The observations listed above make the interchangeability status of biosimilars estab-
lished after multiple switching and alternating between the biosimilar product and the
reference product a moot point.
The author has submitted an amendment to the BPCIA, where it removes the sec-
tions related to “Interchangeability” and replaces “clinical data” in (aa) with “clinical
pharmacology data”.

12. Label
The FDA and EMA provide the detailed structure of prescribing information (label) in
biosimilars and agree that all risks associated with the reference product must be stated.
However, the WHO leaves it to the discretion of regional agencies [112].

13. Summary of Harmonized Guideline

It is unlikely that regulatory agencies will agree on a single guideline document.

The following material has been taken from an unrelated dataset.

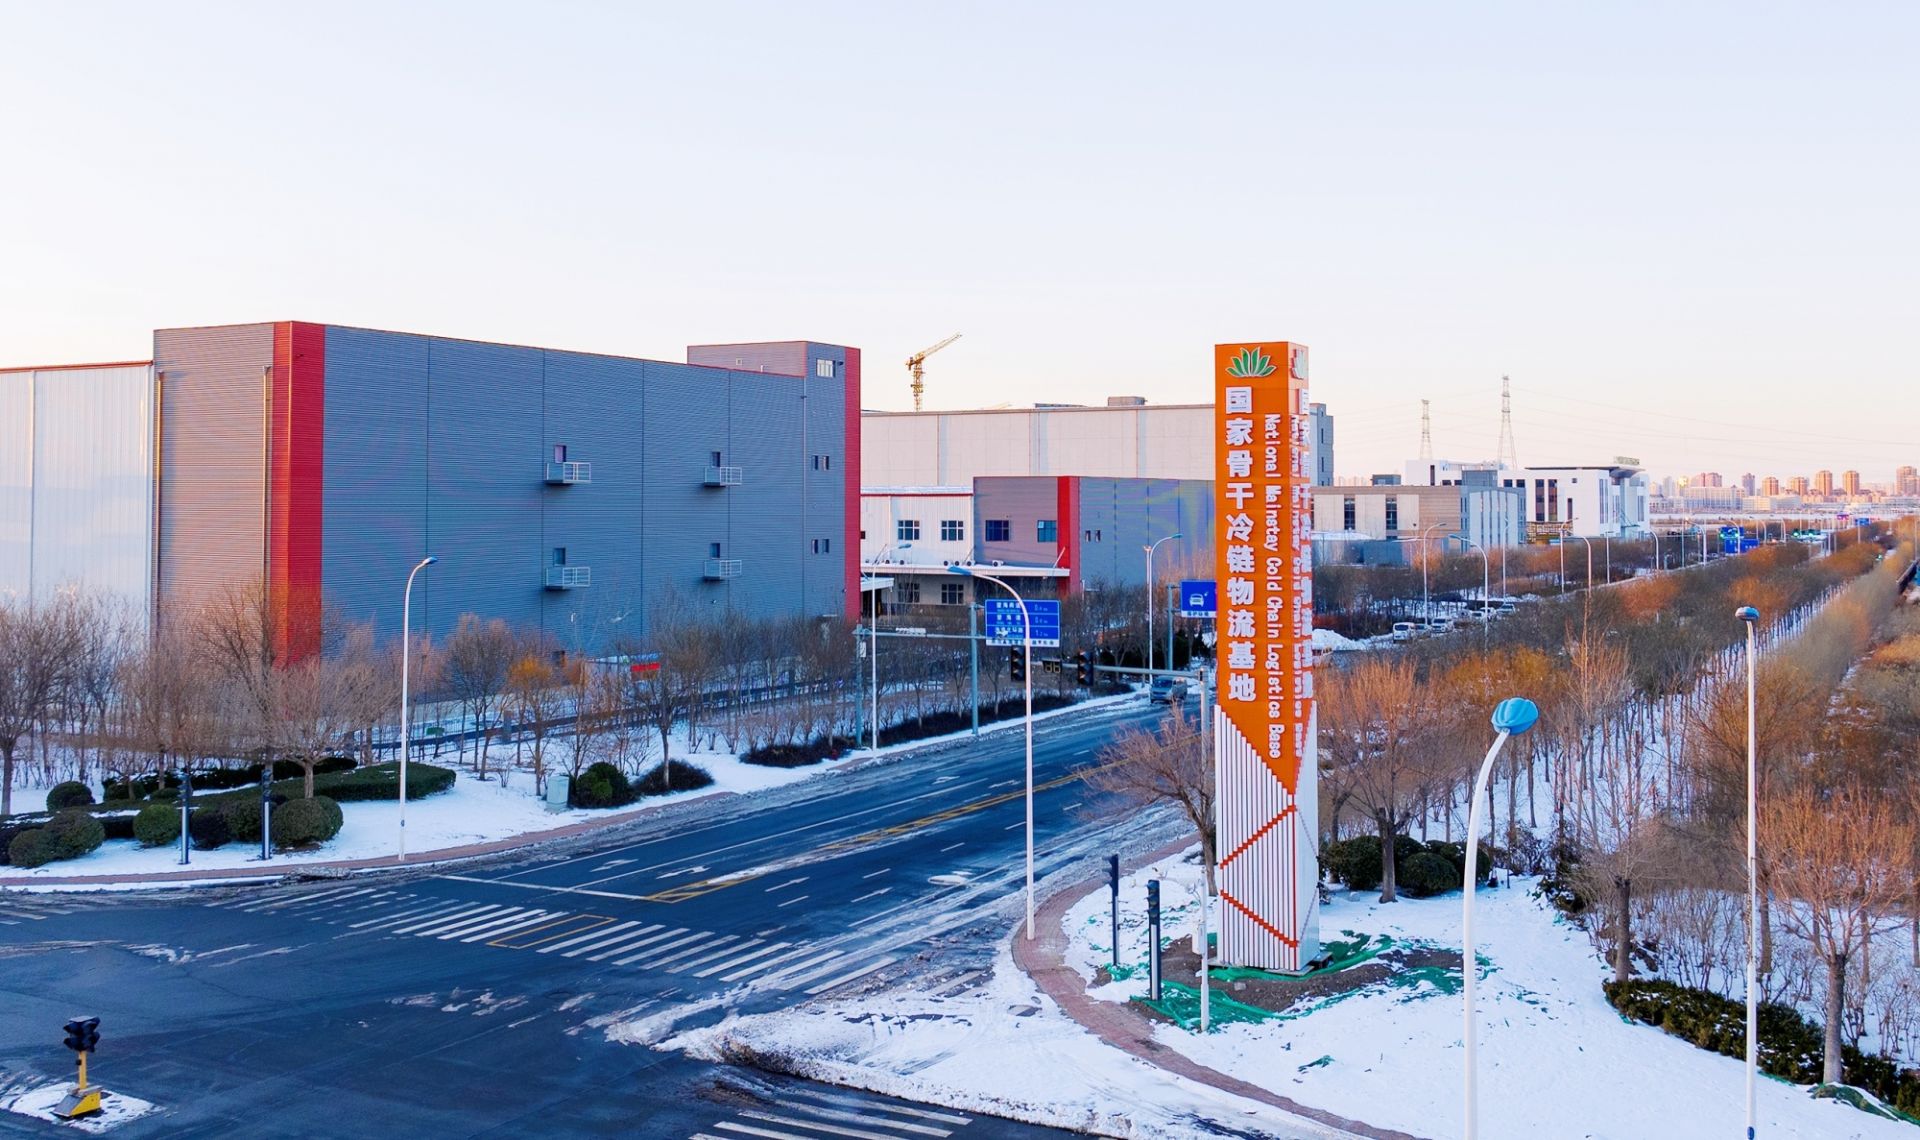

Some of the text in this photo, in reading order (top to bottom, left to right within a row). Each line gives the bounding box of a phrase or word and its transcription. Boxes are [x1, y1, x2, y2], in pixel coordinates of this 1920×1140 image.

Still,
they can certainly agree on the basic principles that are scientifically driven to assure the
safety and efficacy of biosimilars without any unnecessary or illogical testing.
• A uniform terminology. Products labeled as “biosimilar” are “approved” using “analytical
assessment”. “Comparability” confuses the use of ICHQ5E; it is “comparative similarity”.
• The reference product should be the first approved as a new drug in the US, EU, UK,
or Japan. The test samples must be secured from the source country, not from any
other country where the same product is distributed unless the product is approved
using the same dossier; no bridging study is required.
• The expression system type (e.g., mammalian, bacterial, yeast, etc.) used should
preferably be the same as used by the reference product, notwithstanding differences
in the type of expression species that may not be known. In addition, there should be
no antibiotic contamination.
• Must demonstrate that process is controlled and reproducible. Use ICH guidelines.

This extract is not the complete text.